Kneel/Tip (no added weight)

Set Up:

  1. Stand at the bottom of your mat.
  2. Place one arm across your chest, hand resting on your opposite shoulder.
  3. Chest up, shoulders back, your gaze is straight ahead.

The Movement:

  1. Transfer the weight into the leg of the arm that is across your chest.
  2. Take a large step back with the other leg, and place your knee on the floor.
    Your knee should be directly under your hip, and shoulder.
  3. Pause
  4. Keeping your lower body stationary, tip your upper body to the side of your free hand.
    This should be away from your bent hip, towards the knee that is on the floor.
  5. Lower with control to land on your palm.
    Your palm should be about 1.5 feet to the side of your bottom knee.
  6. Pause
  7. Reverse the movement: Engage your core to raise your hand off the floor, and return your upper body to an upright position.
  8. Pause
  9. Press through the heel of the front foot, and the ball of the back foot.
  10. Return to standing.

Specific Cues:

  • When in the kneeling position, both knee should be at a 90 degree angle.
    • If they’re not, try taking a bigger step backwards.
    • Your knee of your front leg should be directly over your heel.
  • When you ‘tip’ to place your hand on the ground:
    • Try not to tent your fingers. Place your entire palm down on the ground.
    • Do not move your hips back, although pushing them sideways, opposite from your tipped side is perfectly fine.
    • The tipping movement is a sideways movement. It should be coming from your core.
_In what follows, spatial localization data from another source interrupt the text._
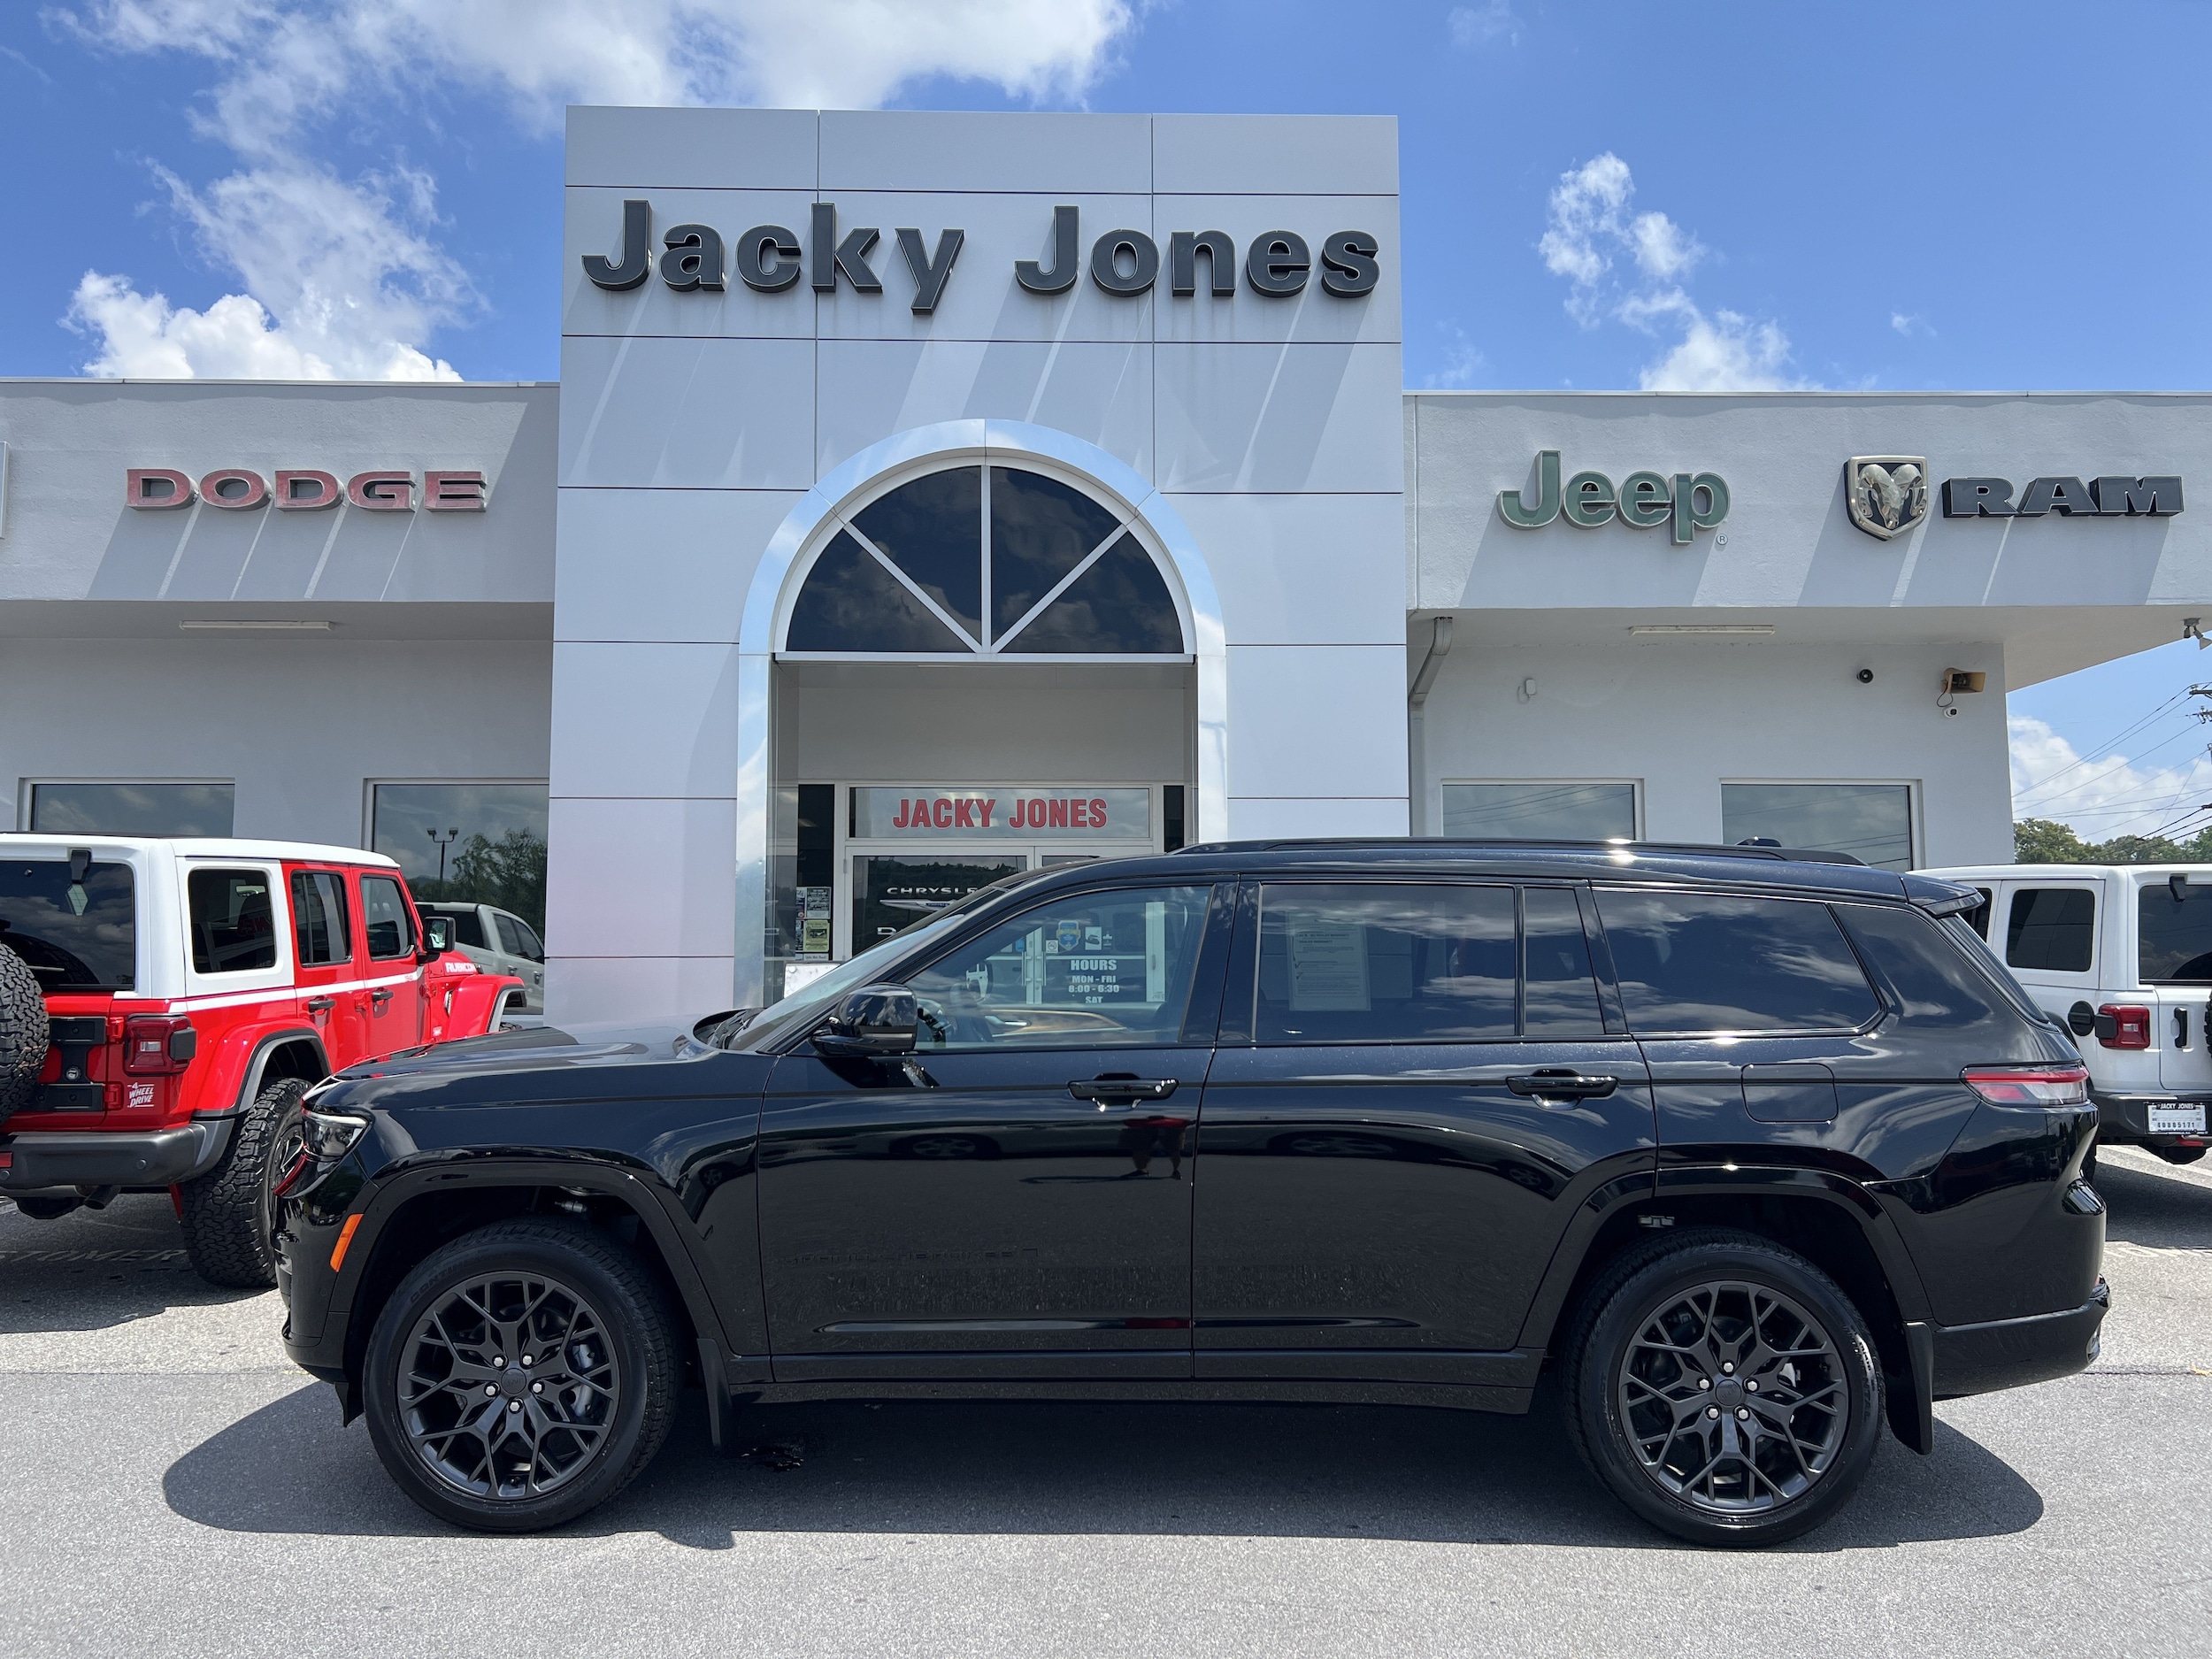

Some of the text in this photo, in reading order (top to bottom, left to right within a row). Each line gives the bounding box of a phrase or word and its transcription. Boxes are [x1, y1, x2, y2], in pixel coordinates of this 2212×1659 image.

[581, 199, 1380, 316] Jacky Jones
[127, 468, 488, 513] DODGE
[1942, 475, 2185, 518] RAM
[1497, 449, 1731, 547] Jeep
[892, 797, 1108, 829] JACKY JONES
[887, 887, 979, 895] CHRYSLE
[444, 962, 477, 973] RUBICON
[1070, 959, 1118, 972] HOURS
[1071, 975, 1094, 984] MON
[1101, 975, 1117, 984] FRI
[1068, 984, 1091, 993] 8:00
[1097, 984, 1120, 993] 6:30
[1085, 995, 1103, 1004] SAT
[129, 1087, 154, 1099] WHEEL
[130, 1094, 153, 1108] DRIVE
[0, 1249, 188, 1262] TOMER
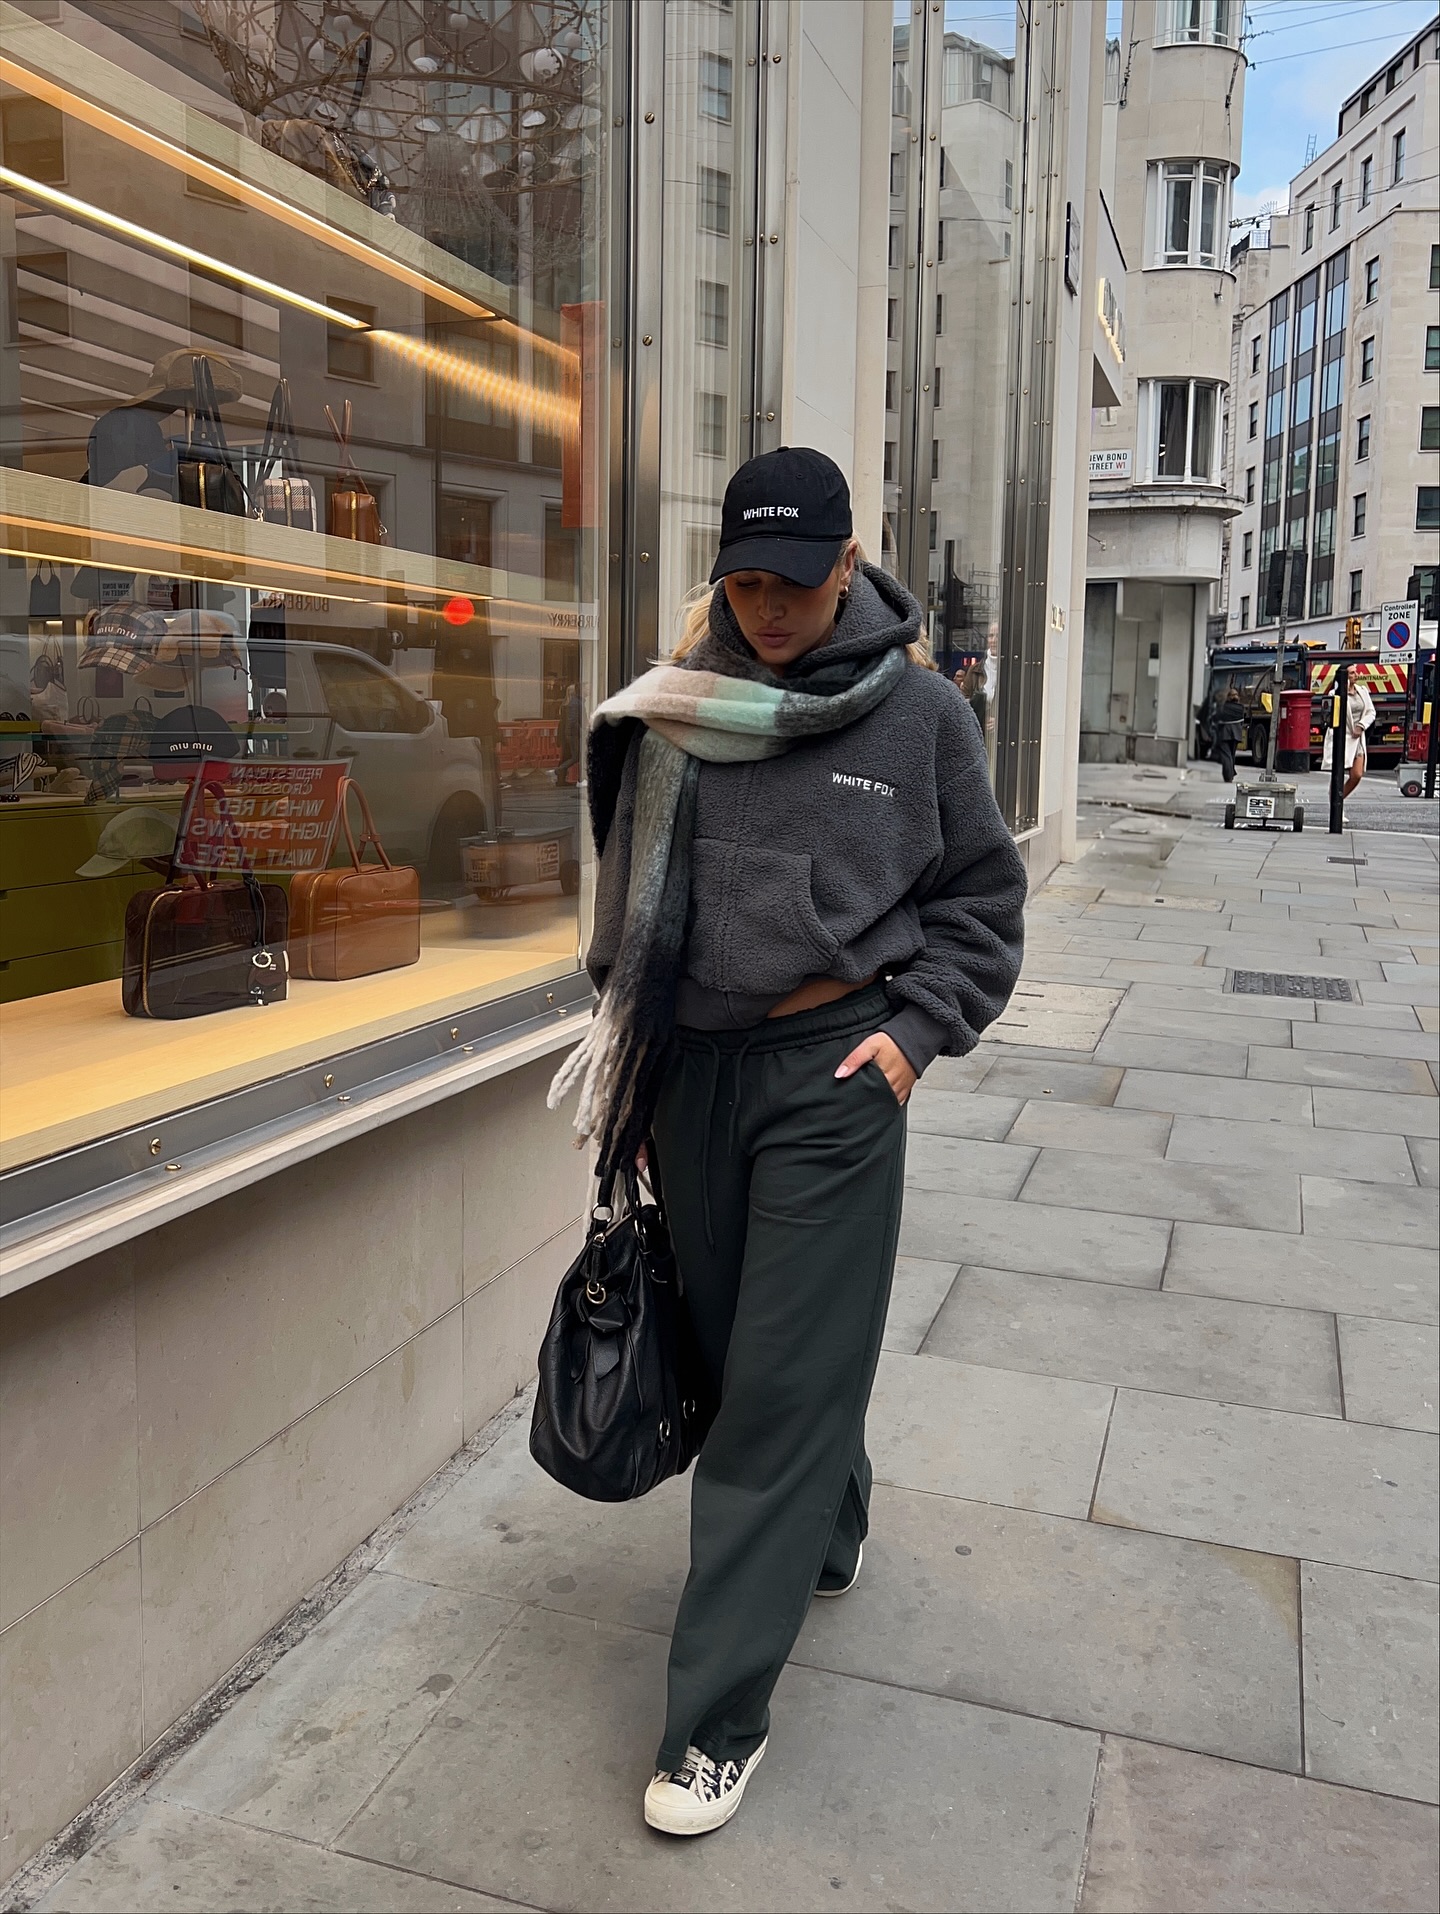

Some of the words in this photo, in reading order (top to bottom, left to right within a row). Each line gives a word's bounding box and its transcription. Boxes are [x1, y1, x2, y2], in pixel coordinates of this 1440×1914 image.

[1106, 453, 1128, 461] BOND
[1115, 461, 1126, 469] W1
[743, 506, 776, 520] WHITE
[777, 506, 799, 518] FOX
[1384, 603, 1416, 611] Controlled
[1388, 611, 1411, 620] ZONE
[832, 772, 873, 791] WHITE
[873, 781, 896, 798] FOX
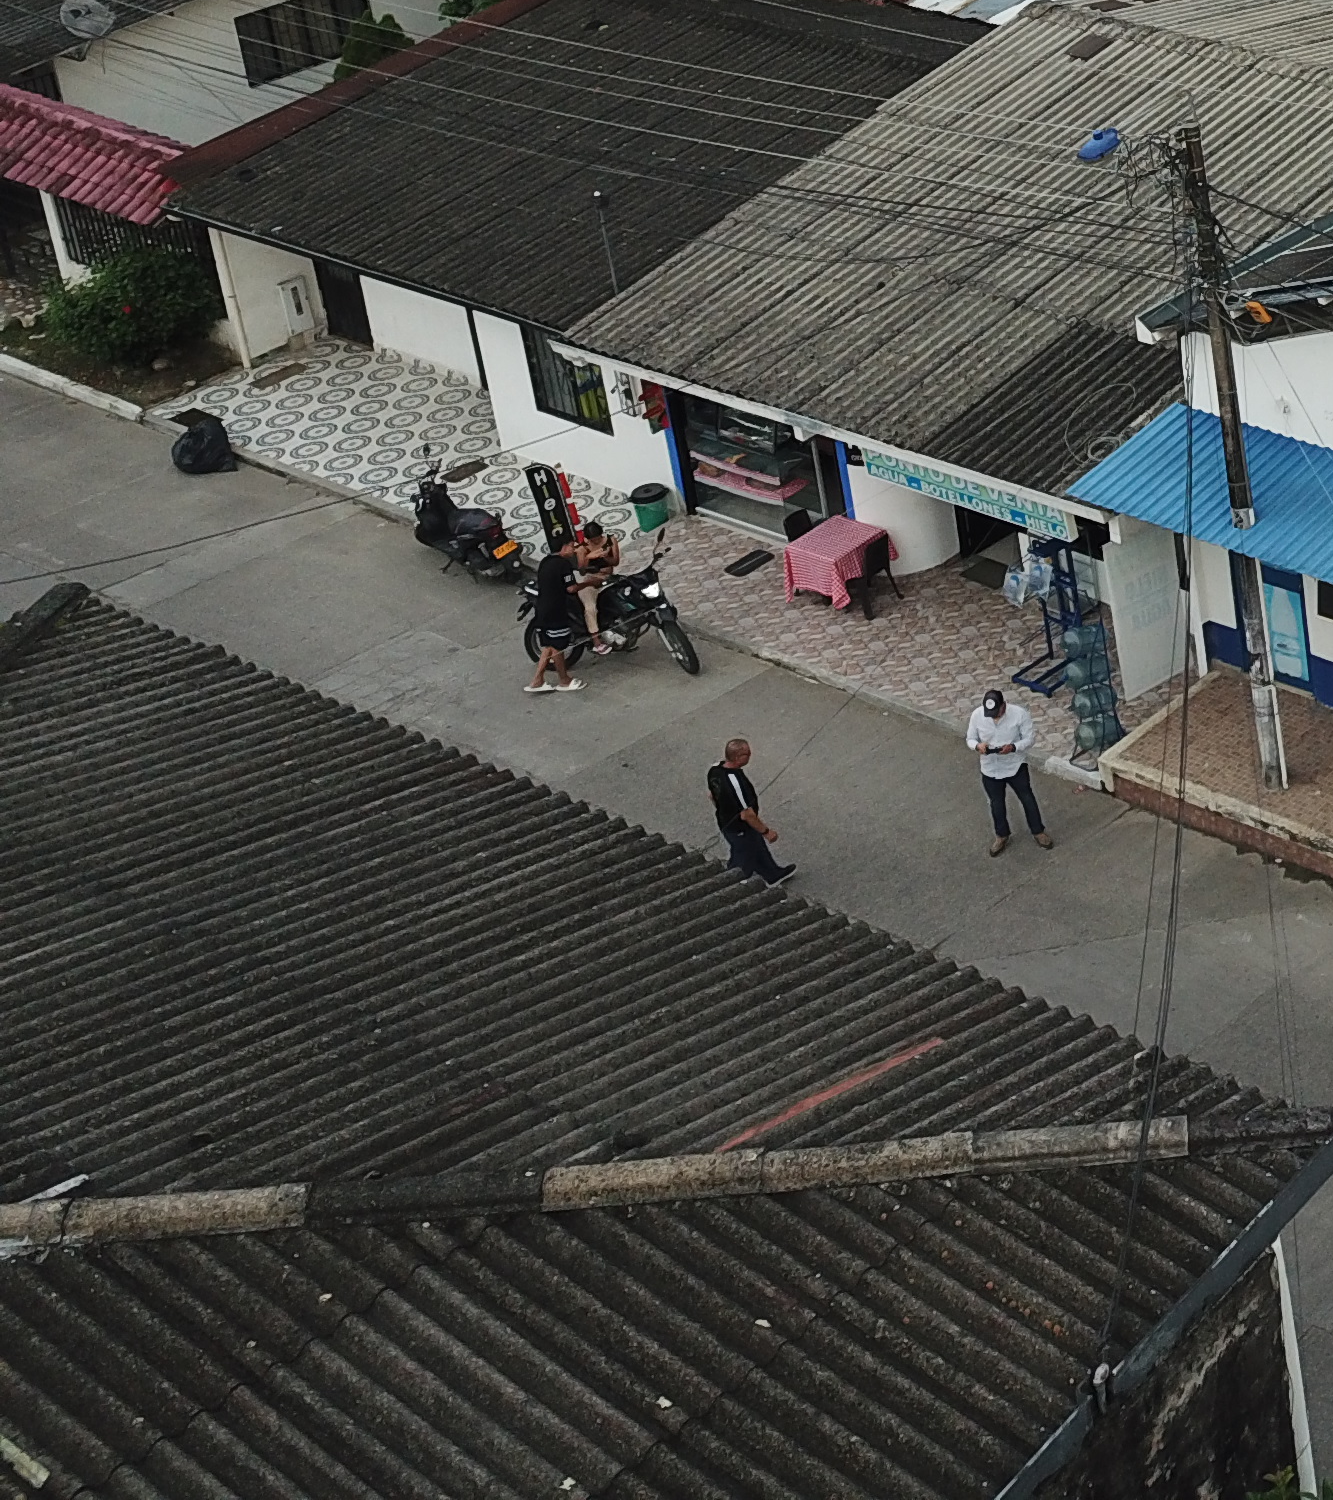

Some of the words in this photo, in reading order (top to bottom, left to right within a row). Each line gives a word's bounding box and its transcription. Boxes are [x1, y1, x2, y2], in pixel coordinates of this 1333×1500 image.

Press/Kneel/Tip (added weight)

Set Up:

  1. Stand at the bottom of your mat.
  2. Hold a dumbbell on one hand, elbow bent down, weight at your shoulder, your palm facing the midline of your body.
  3. Chest up, shoulders back, your gaze is straight ahead.

The Movement:

  1. Press the weight towards the ceiling.
    Your bicep should be next to your ear, arm straight.
  2. Transfer the weight into the leg of the hand that’s holding the weight.
  3. Take a large step back with the other leg, and place your knee on the floor.
    Your knee should be directly under your hip, and shoulder.
  4. Pause
  5. Keeping your lower body stationary, tip your upper body to the side of your free hand.
    This should be away from your bent hip, towards the knee that is on the floor.
  6. Keeping the dumbbell towards the ceiling and arm straight, lower with control to land on your palm.
    Your palm should be about 1.5 feet to the side of your bottom knee.
  7. Pause
  8. Reverse the movement: Engage your core to raise your hand off the floor, and return your upper body to an upright position.
  9. Pause
  10. Press through the heel of the front foot, and the ball of the back foot.
  11. Return to standing.
  12. Lower the weight to your shoulder.

Specific Cues:

  • When you have a weight over your head, it’s best to keep an eye on it.
  • Your arm holding the dumbbell should be straight and pointed towards the ceiling throughout the entire movement.
  • When in the kneeling position, both knee should be at a 90 degree angle.
    • If they’re not, try taking a bigger step backwards.
    • Your knee of your front leg should be directly over your heel.
  • When you ‘tip’ to place your hand on the ground:
    • Try not to tent your fingers. Place your entire palm down on the ground.
    • Do not move your hips back, although pushing them sideways, opposite from your tipped side is perfectly fine.
    • The tipping movement is a sideways movement. It should be coming from your core.